▶ [PROBLEM DESCRIPTION] Each entry below is to be written out exactly, and the pictures are to be left out.

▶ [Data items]
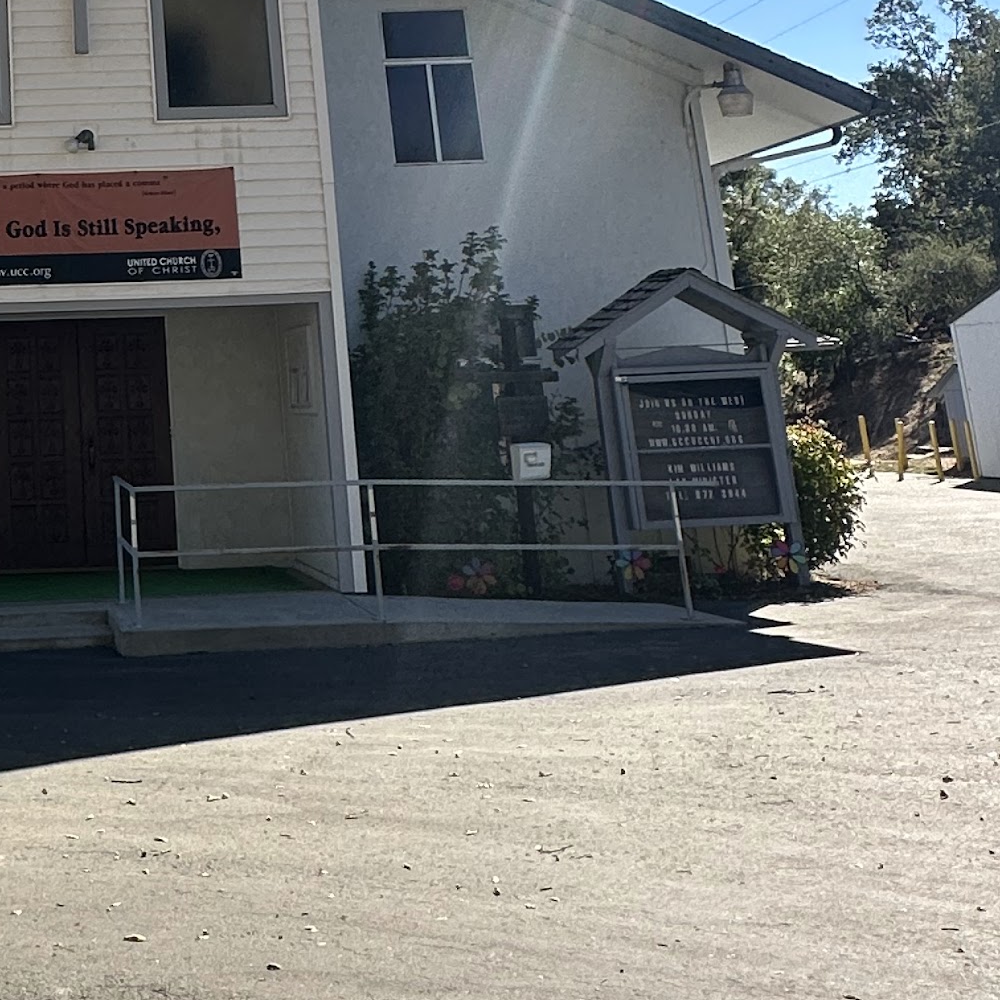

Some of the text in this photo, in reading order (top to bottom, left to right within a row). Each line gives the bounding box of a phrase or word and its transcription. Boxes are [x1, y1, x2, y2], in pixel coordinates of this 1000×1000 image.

[10, 182, 34, 191] period
[98, 180, 122, 189] placed
[5, 216, 221, 238] God Is Still Speaking,
[127, 256, 197, 267] UNITED CHURCH
[127, 266, 197, 276] OF CHRIST
[639, 398, 660, 408] JOIN
[664, 398, 677, 408] US
[698, 397, 716, 406] THE
[675, 410, 711, 420] SUNDAY
[690, 462, 735, 473] WILLIAMS

▶ [EXERCISE ANSWER]
Some of the text in this photo, in reading order (top to bottom, left to right within a row). Each line gives the bounding box of a phrase or word and its transcription. Boxes are [x1, y1, x2, y2], in pixel coordinates of this 1000×1000 image.

[10, 182, 34, 191] period
[98, 180, 122, 189] placed
[5, 216, 221, 238] God Is Still Speaking,
[127, 256, 197, 267] UNITED CHURCH
[127, 266, 197, 276] OF CHRIST
[639, 398, 660, 408] JOIN
[664, 398, 677, 408] US
[698, 397, 716, 406] THE
[675, 410, 711, 420] SUNDAY
[690, 462, 735, 473] WILLIAMS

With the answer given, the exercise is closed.